:: Data extract ::

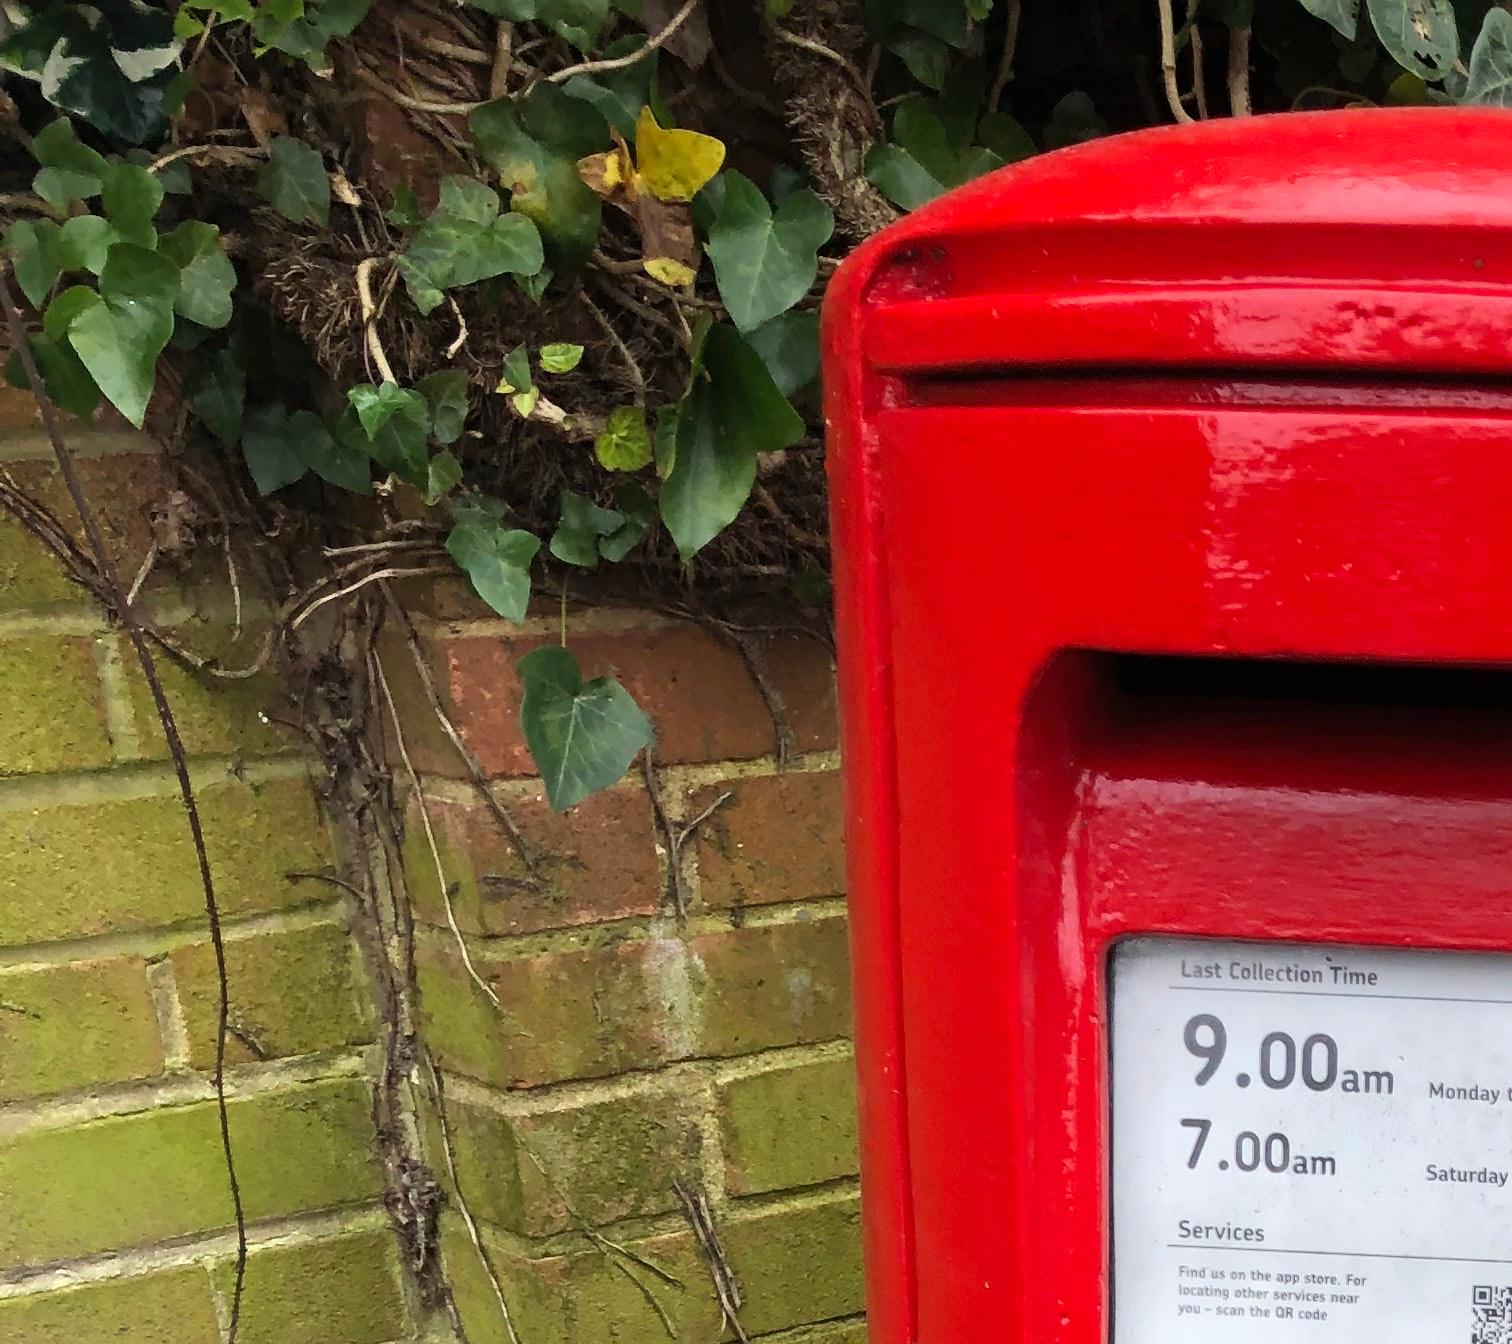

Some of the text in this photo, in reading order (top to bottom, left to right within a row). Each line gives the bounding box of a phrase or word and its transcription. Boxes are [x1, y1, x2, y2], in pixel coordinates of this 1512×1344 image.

[1181, 960, 1378, 986] Last Collection Time
[1183, 1013, 1394, 1095] 9.00am
[1428, 1081, 1500, 1106] Monday
[1180, 1118, 1336, 1176] 7.00am
[1426, 1164, 1509, 1188] Saturday
[1178, 1219, 1265, 1242] Services
[1178, 1265, 1367, 1287] Find us on the app store. For
[1178, 1284, 1360, 1305] locating other services near
[1177, 1303, 1201, 1316] you
[1216, 1305, 1245, 1317] scan
[1250, 1304, 1271, 1318] the
[1274, 1306, 1294, 1320] QR
[1298, 1308, 1328, 1321] code

:::

> **What to produce**
With images excluded, write the records above out again exactly.

> **Task solution**
Some of the text in this photo, in reading order (top to bottom, left to right within a row). Each line gives the bounding box of a phrase or word and its transcription. Boxes are [x1, y1, x2, y2], in pixel coordinates of this 1512×1344 image.

[1181, 960, 1378, 986] Last Collection Time
[1183, 1013, 1394, 1095] 9.00am
[1428, 1081, 1500, 1106] Monday
[1180, 1118, 1336, 1176] 7.00am
[1426, 1164, 1509, 1188] Saturday
[1178, 1219, 1265, 1242] Services
[1178, 1265, 1367, 1287] Find us on the app store. For
[1178, 1284, 1360, 1305] locating other services near
[1177, 1303, 1201, 1316] you
[1216, 1305, 1245, 1317] scan
[1250, 1304, 1271, 1318] the
[1274, 1306, 1294, 1320] QR
[1298, 1308, 1328, 1321] code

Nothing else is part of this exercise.